Naturalmente, l’argomento è molto più lungo, complesso, e delicato, qui ho ampiamente sintetizzato. Per chi voglia approfondire quei fatti, rimando alle tante risorse online, alla corposa bibliografia sulla materia, e alle associazioni di riferimento (ANVGD in primis).
Questo è il contesto storico entro cui ci muoviamo per presentare il documento postale di oggi.
Si tratta di un foglio A4, ripiegato un paio di volte su sé stesso e chiuso con un punto di cucitrice, spedito da Trieste per città il 28 dicembre 1951.
Chi scrive è il segretario, col. Stefano Picciolo, della Direzione provinciale di Trieste del Partito Liberale Italiano. Il destinatario è un iscritto al partito.
Il testo:
«Egregio consocio,
La informiamo che nell’assemblea generale del 22 corr. mese le discussioni iniziatesi sulla relazione della presidenza si sono prolungate sui seguenti argomenti:
1. – Situazione politica locale
2. – Situazione politica nazionale
3. – Organizzazione della Sezione in vista delle elezioni ammnistrative
4. – Problemi amministrativi cittadini
Si è inoltre raccomandato di rendere noto alla Direzione Centrale la necessità che il Partito rimanga all’opposizione.

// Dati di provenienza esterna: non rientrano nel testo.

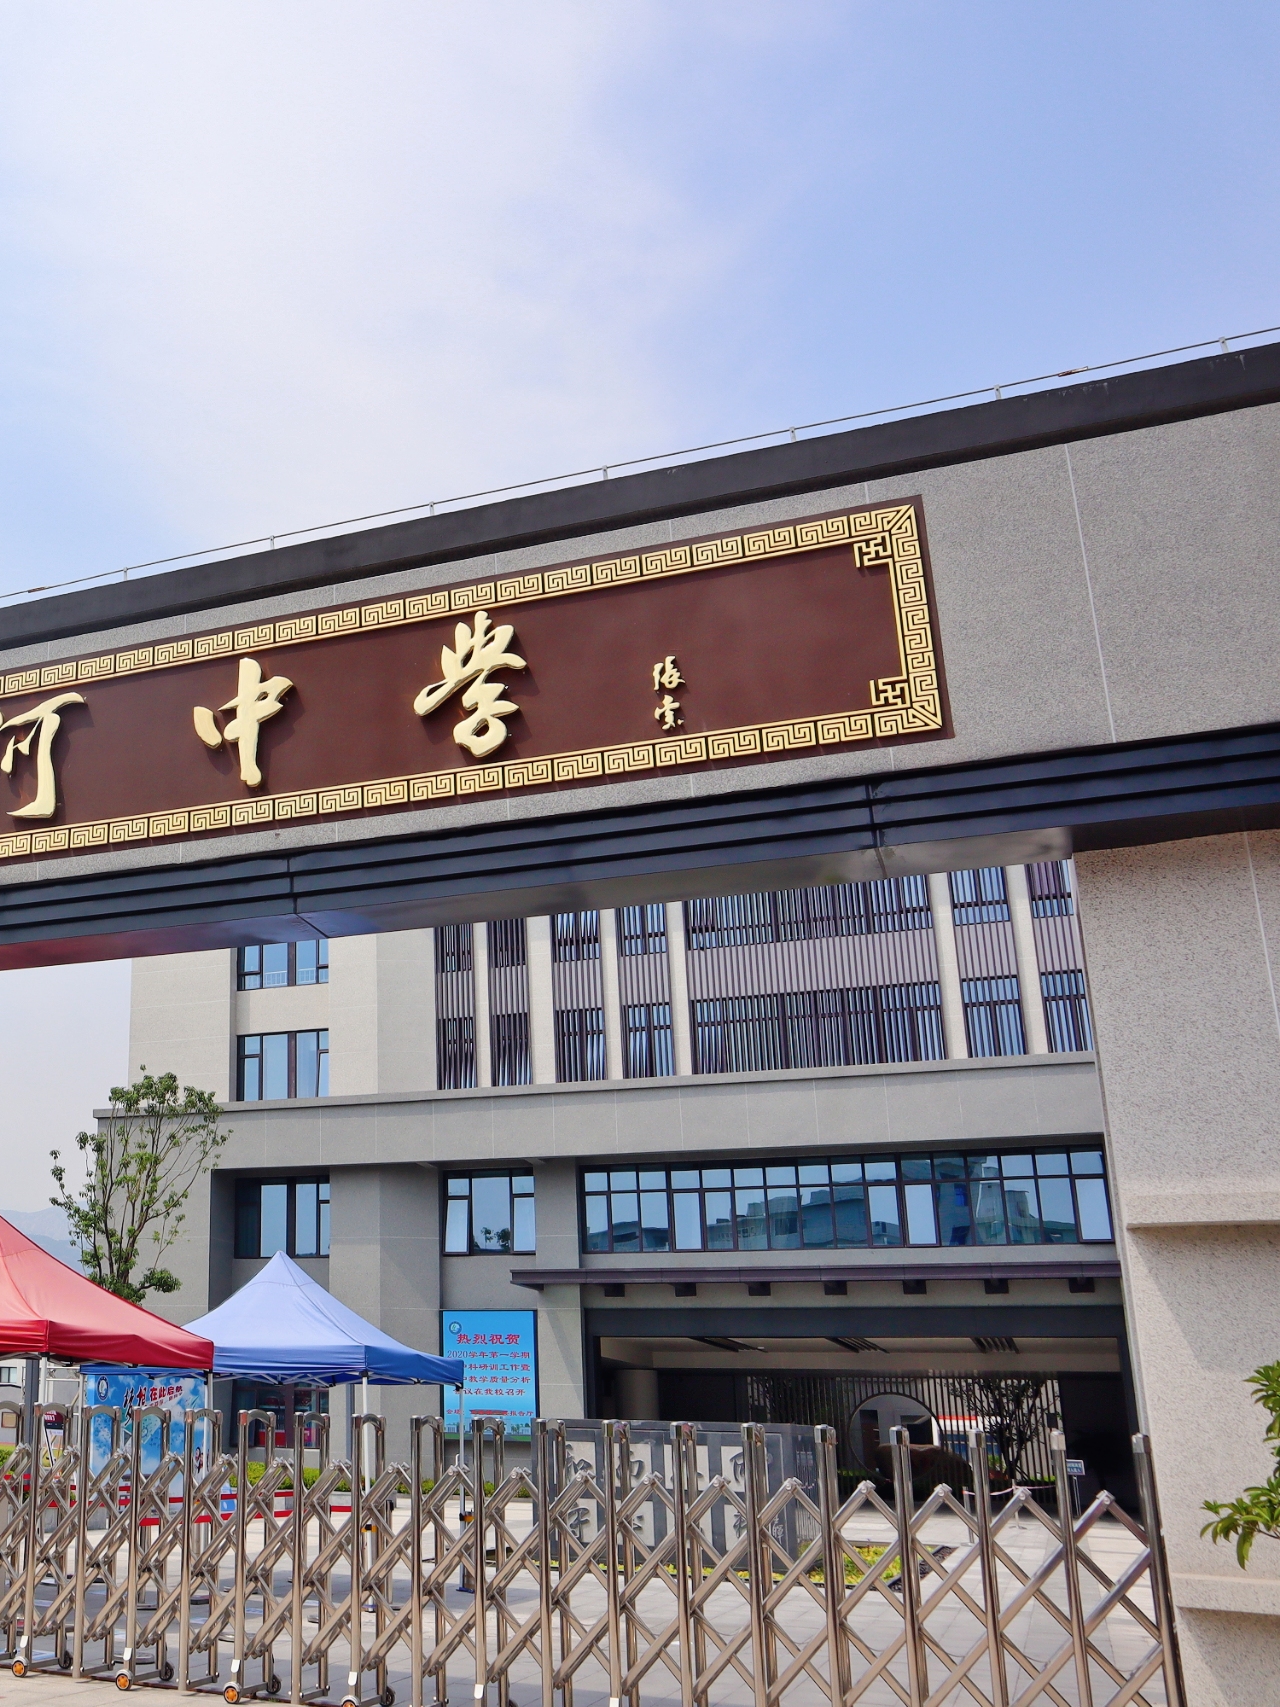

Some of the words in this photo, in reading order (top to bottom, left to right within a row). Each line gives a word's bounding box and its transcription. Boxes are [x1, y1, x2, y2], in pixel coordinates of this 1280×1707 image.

Si è pure approvata una mozione, contro i soprusi del Governo Jugoslavo della Zona B, da inviare al Presidente del Consiglio dei Ministri, al Ministro degli Esteri, alla Missione Italiana a Trieste ed alla stampa.

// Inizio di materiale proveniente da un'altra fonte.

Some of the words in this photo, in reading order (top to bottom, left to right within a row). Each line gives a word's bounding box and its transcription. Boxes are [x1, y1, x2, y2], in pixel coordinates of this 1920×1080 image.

L’assemblea, sospesa per ragioni di tempo, riprenderà i suoi lavori giovedì 9 gennaio 1952 alle ore 18.30 precise.
La preghiamo vivamente di parteciparvi.
Distinti saluti.»
La missiva, credo, si commenta da sola.
E chi scrive di “soprusi del Governo Jugoslavo nella Zona B” fu il Partito Liberale Italiano, un partito che nel 1925 venne messo fuori legge dal fascismo, che si poté ricostituire solo nell’estate 1943 a fascismo caduto, che impostò il suo carattere sul riformismo liberale di Benedetto Croce e Luigi Einaudi.
Non certo un manipolo di esponenti di destra, per capirci.

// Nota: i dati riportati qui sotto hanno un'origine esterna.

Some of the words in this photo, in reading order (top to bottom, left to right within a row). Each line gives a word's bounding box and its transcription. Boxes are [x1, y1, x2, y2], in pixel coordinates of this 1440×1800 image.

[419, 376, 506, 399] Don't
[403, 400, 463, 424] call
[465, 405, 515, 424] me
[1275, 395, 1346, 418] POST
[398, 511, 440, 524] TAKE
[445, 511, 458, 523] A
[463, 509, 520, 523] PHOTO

Ricordare quei fatti è un dovere che prescinde dai colori politici e dalle appartenenze partitiche.
Ricordare quei fatti è un dovere.
Diecimila persone vennero trucidate nelle foibe. E questo è un fatto.
Trecentomila persone furono costrette ad abbandonare la propria casa. E questo è un altro fatto.
Punto.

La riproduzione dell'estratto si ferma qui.